Ils avaient beau ne rien ignorer des difficultés d’Arc France, les syndicats sont sortis sonnés du CSE extraordinaire qui s’est tenu mercredi 7 janvier à Arques (Pas-de-Calais). Alors qu’en décembre 2025 la direction de la célèbre verrerie se montrait encore rassurante, elle leur a annoncé qu’elle demandait la mise en redressement judiciaire de l’entreprise au tribunal de commerce de Lille, qui l’a acceptée dans l’après-midi.
C’est « le seul cadre légal et possible pour permettre à Arc de s’adapter durablement à un environnement de marché profondément dégradé », assure le directeur général d’Arc France, Nicholas Hodler.

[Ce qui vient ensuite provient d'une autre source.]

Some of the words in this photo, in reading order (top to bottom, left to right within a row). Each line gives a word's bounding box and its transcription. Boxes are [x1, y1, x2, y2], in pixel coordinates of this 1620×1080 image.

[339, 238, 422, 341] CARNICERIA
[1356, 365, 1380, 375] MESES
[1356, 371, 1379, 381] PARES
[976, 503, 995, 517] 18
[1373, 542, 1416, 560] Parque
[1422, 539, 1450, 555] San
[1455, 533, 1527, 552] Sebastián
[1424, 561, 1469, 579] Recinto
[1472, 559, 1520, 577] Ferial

Malgré un énième plan de refinancement et de relance validé en avril 2025 par la justice, « notre modèle doit encore se transformer en profondeur (…), en revoyant notre schéma industriel et donc en réduisant nos effectifs ». Un coup de massue pour les salariés.

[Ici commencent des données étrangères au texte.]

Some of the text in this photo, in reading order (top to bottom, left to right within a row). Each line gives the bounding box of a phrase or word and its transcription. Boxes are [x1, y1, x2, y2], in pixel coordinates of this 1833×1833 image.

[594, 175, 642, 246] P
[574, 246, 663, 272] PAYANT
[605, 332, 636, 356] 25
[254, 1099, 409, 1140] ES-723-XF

Créé en 1825 à Arques, le verrier a employé jusqu’à 12 000 personnes, plus que la population de la ville située près de Saint-Omer (Pas-de-Calais), qui en compte 9 500. S’il possède désormais des usines en Chine, aux Etats-Unis et dans les Emirats arabes unis, c’est ici qu’Arc France fait toujours vivre tout un territoire et emploie 3 500 salariés, malgré les coupes dans les effectifs qui se sont succédé.